A few thousand people still speak Aramaic

The writers of the Bible lived among other tribes and nations and were involved in trade with not only one another but other far-flung locales. As such, it should come as no surprise that languages mixed, developed, and grew in much the same way that they do today. To that end, by 700 B.C., another language had crept into the vernacular of many of the people connected to Old Testament history: Aramaic. Described by TruthOnlyBible as a cousin to Hebrew, the language takes up so little of the language of the Old Testament (save for a few hundred verses here and there) that it was all but forgotten about by Biblical scholarship.

However, Aramaic never actually went away.

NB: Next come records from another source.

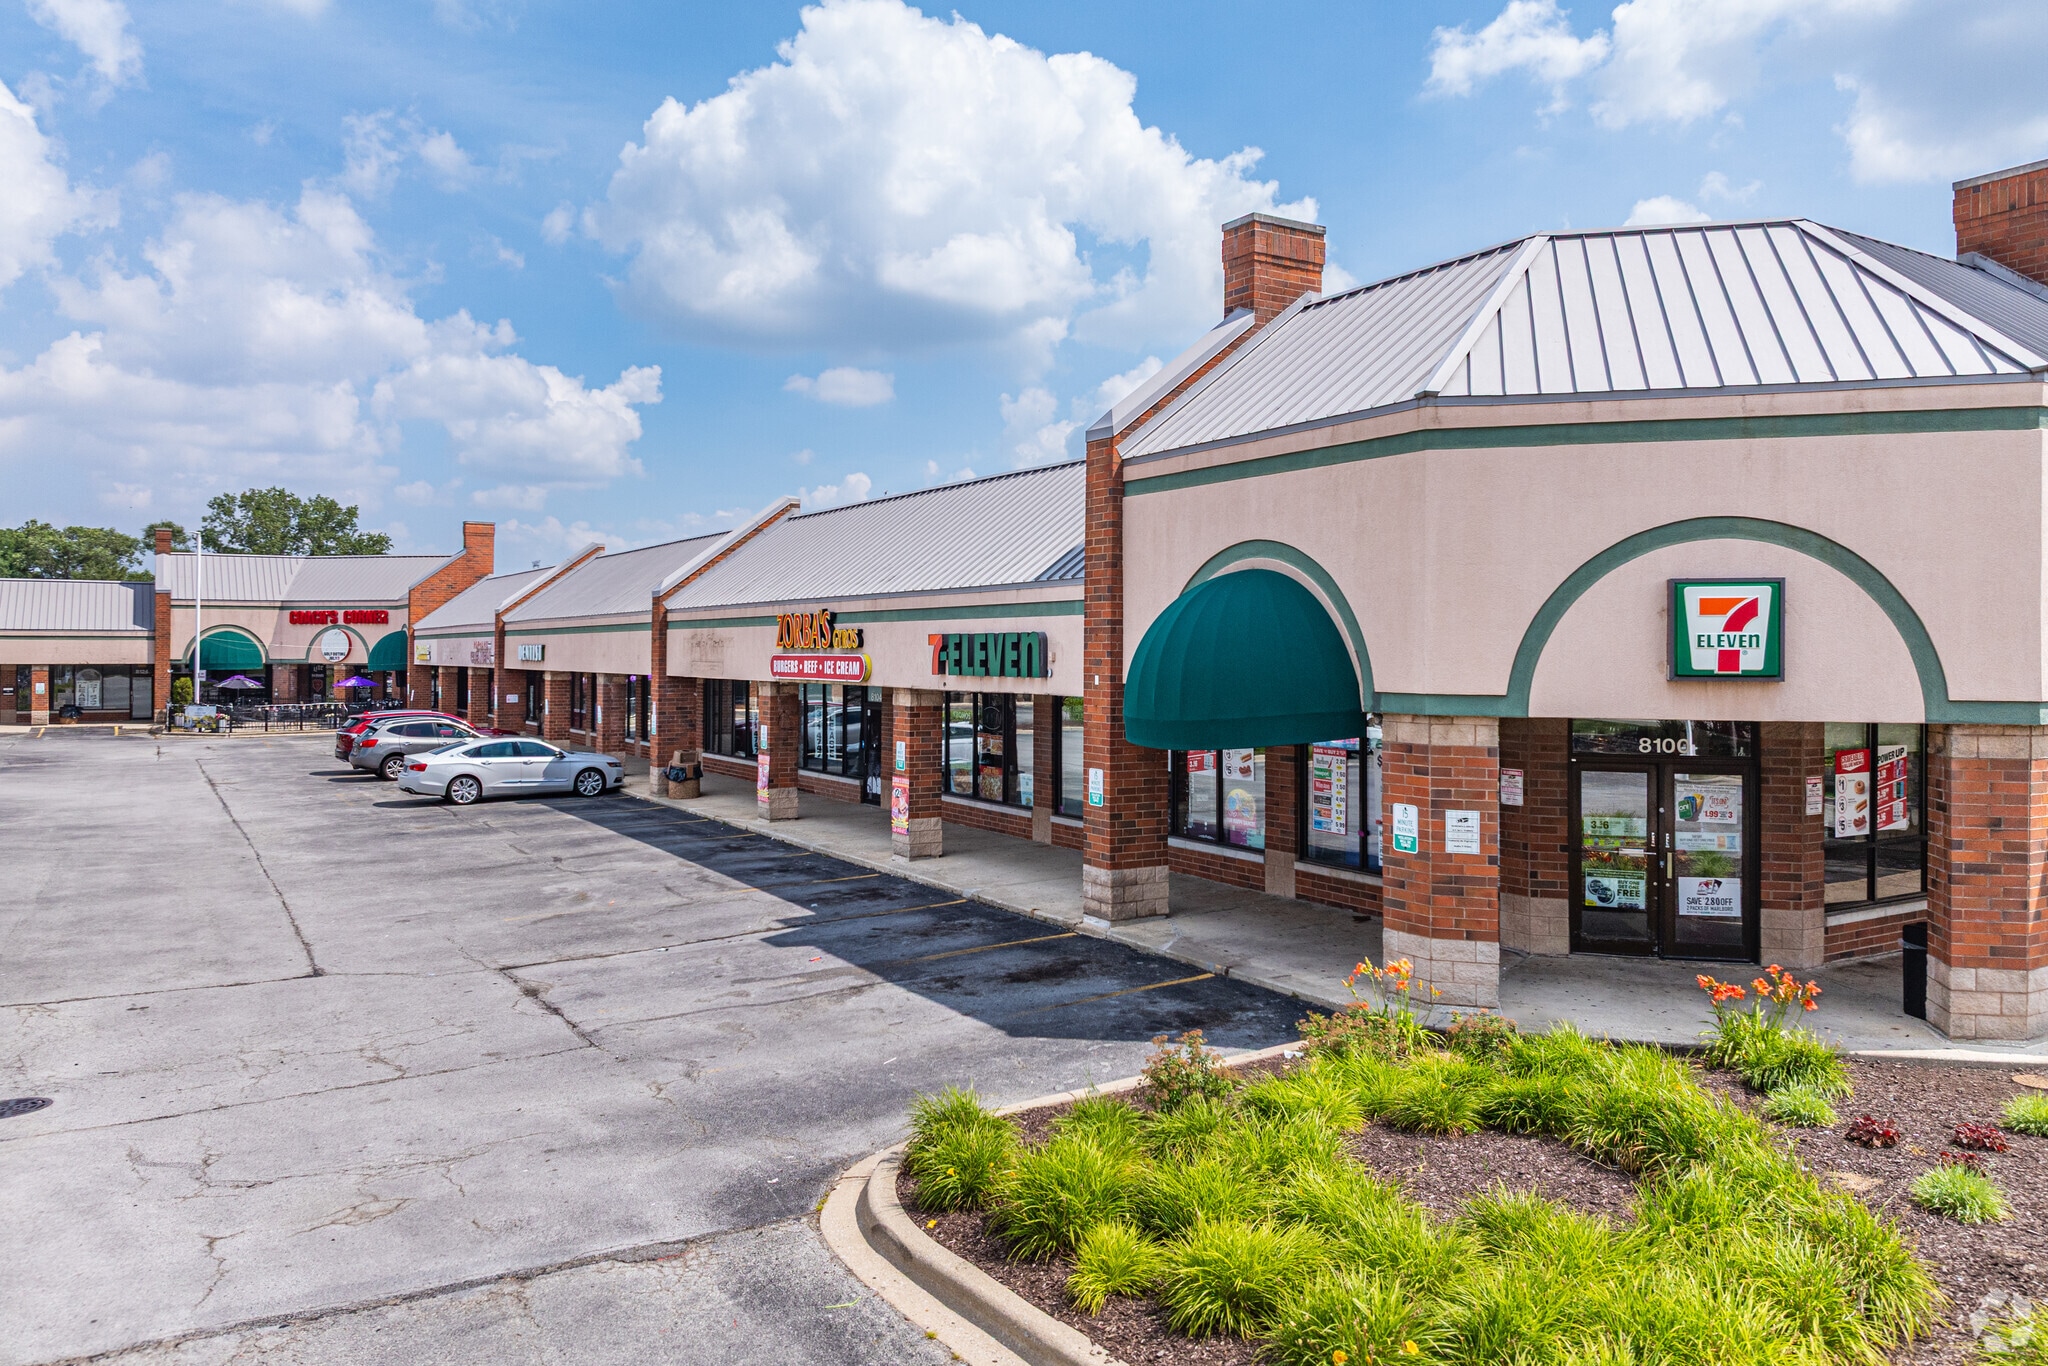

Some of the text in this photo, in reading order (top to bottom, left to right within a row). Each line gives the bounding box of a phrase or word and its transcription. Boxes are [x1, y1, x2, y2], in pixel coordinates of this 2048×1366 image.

[289, 610, 389, 625] COACH'S CORNER
[776, 609, 858, 649] ZORBA'S GYROS
[773, 659, 860, 675] BURGERS BEEF ICE CREAM
[1638, 737, 1690, 754] 8100
[1895, 748, 1904, 757] UP
[1617, 889, 1640, 897] FREE
[1687, 897, 1702, 905] SAVE

According to The Times of Israel, a few hundred thousand people across the world still speak the ancient tongue. Nevertheless, the newspaper notes that in much the same way that a speaker of Modern English wouldn't understand more than a few words of a passage by Middle Ages poet Geoffrey Chaucer, a Modern Aramaic speaker would be hard-pressed to understand so much as a word that Jesus spoke (Aramaic would have been his spoken language). Like similar languages spoken by comparatively few people, linguists are concerned that the language's days are numbered without heroic preservation efforts.

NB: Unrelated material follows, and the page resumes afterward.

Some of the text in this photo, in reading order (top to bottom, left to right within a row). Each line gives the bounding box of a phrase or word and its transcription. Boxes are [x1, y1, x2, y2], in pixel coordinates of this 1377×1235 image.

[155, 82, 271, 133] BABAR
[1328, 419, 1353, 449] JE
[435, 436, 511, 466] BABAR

Ancient Greek is probably understandable to Modern Greek speakers

Save for a handful of colloquial Aramaic words and phrases scattered across the text, the overwhelming majority of the New Testament was written in an ancient form of Greek known as Koine Greek ("koine" means "common"). By Jesus' time, the Greeks — through centuries of diplomacy, trade, and military conquest — had made their culture and language the dominant way of life across much of the Middle East and Far West Asia, per Bible Study. As such, the writers of the New Testament knew that they would expand their reach by writing in a language that would be understood by more readers than if they had written it in their own first language (likely Aramaic or Hebrew).

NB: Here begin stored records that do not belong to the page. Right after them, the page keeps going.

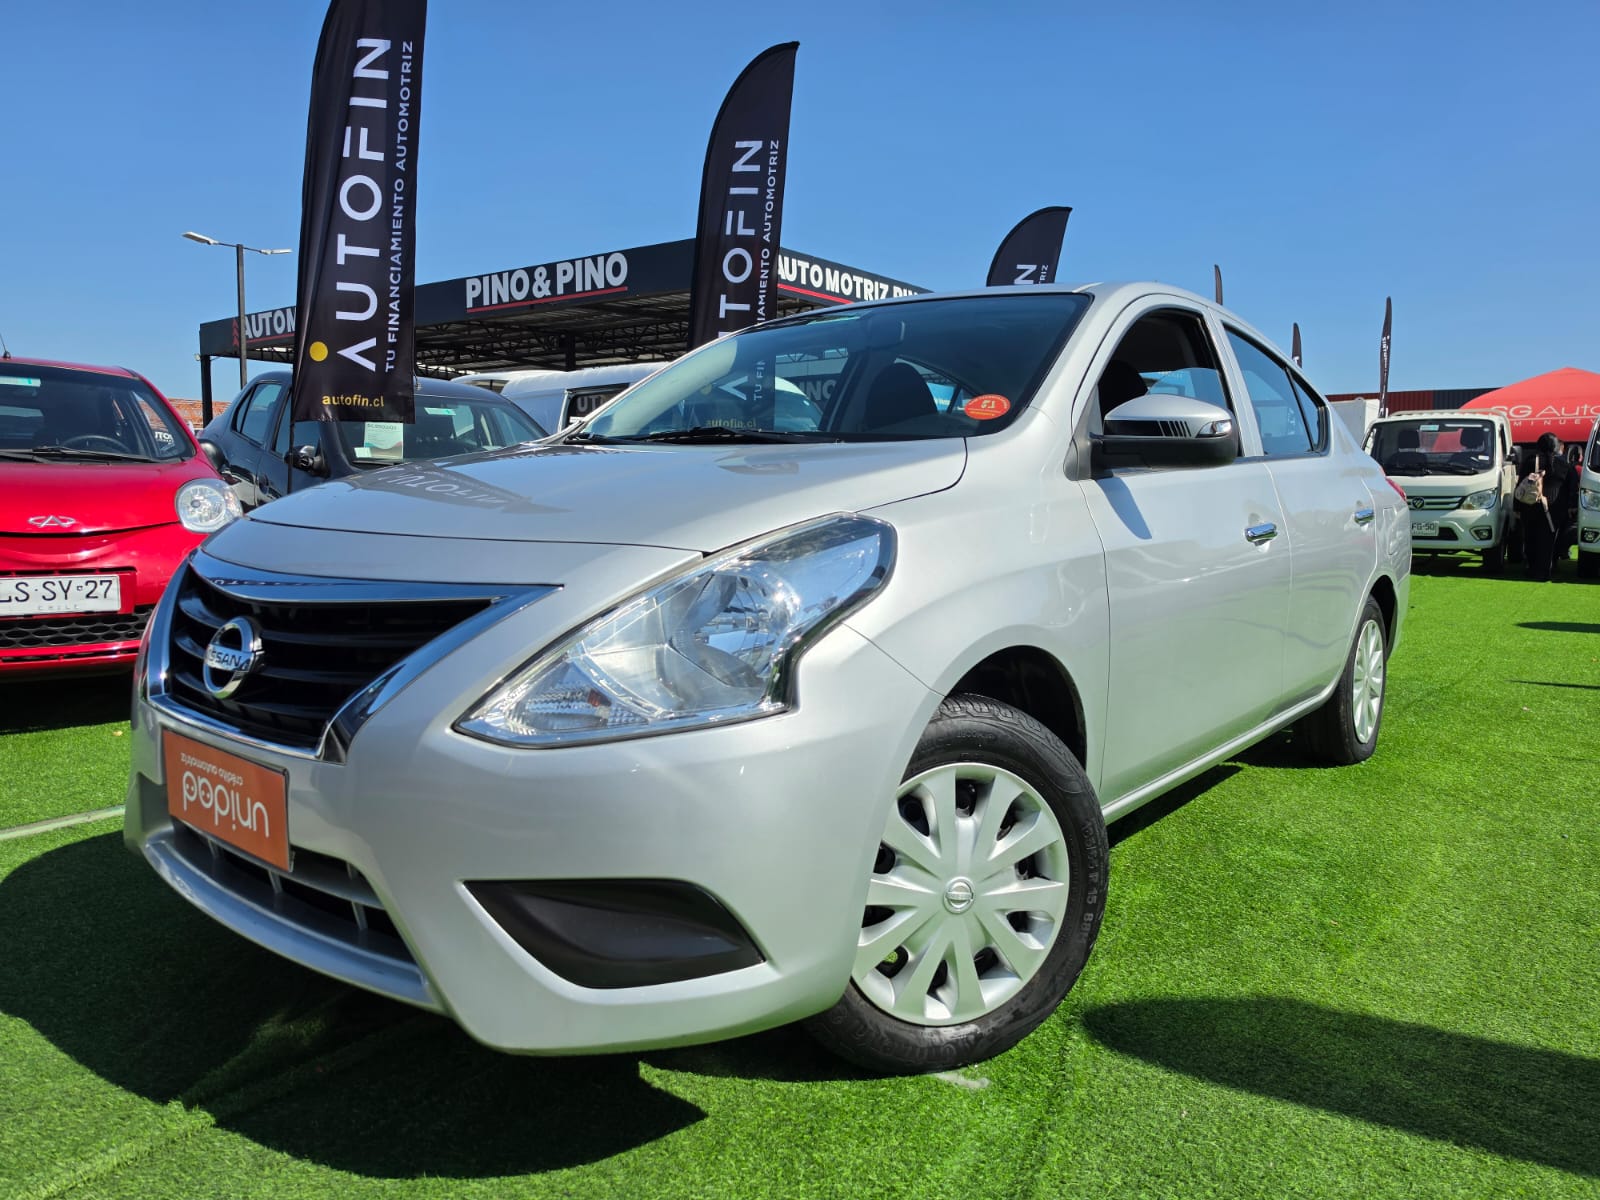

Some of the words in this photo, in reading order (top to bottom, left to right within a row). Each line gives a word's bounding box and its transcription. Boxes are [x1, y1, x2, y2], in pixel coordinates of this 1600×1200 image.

[395, 40, 413, 171] AUTOMOTRIZ
[335, 37, 392, 373] AUTOFIN
[762, 139, 780, 243] AUTOMOTRIZ
[387, 178, 404, 343] FINANCIAMIENTO
[321, 394, 385, 408] autofin.cl
[385, 349, 396, 373] TU
[182, 771, 270, 838] unidad

As you are well aware, Greek is not a dead language. According to Babbel Magazine, it's spoken by over 10 million people to this day. So are Ancient Greek and Modern Greek mutually intelligible? Yes, says Greekpod101 contributor Stefania. She notes that Greek teenagers must study Koine Greek in high school, and Modern Greek retains a similar syntax — as well as quite a few similar words — to its ancient ancestor. The system isn't perfect, and many Greeks struggle with the dichotomy, but in the main, Stefania says educated Greeks get the gist of Biblical Greek.

What about Latin?

For centuries, Latin was the dominant — nay, the only — language used by Christians across Europe, according to Canon Law. Indeed, in Catholicism, the Church didn't fully transition from conducting rites in Latin to in the local language until the 20th century. However, you may be surprised that Latin's role in the Bible is downright trivial. 

As mentioned above, at the time of the New Testament, Greek was the go-to language for communicating with a wide range of people with different first languages. And though the Romans exerted influence on the region at the time the text was written, their language played the most minor of minor roles in the development of the New Testament. Specifically, according to Butler University, only a couple dozen Latin words and phrases appear in the New Testament, and the words were transliterated from Latin into Greek. This conversion mirrors how English speakers say "sushi" and spell it with Roman letters. Examples of such words in the Bible include military titles ("centurion"), coins ("denarius"), and similarly mundane things that may have been a part of the daily life of the reader at the time.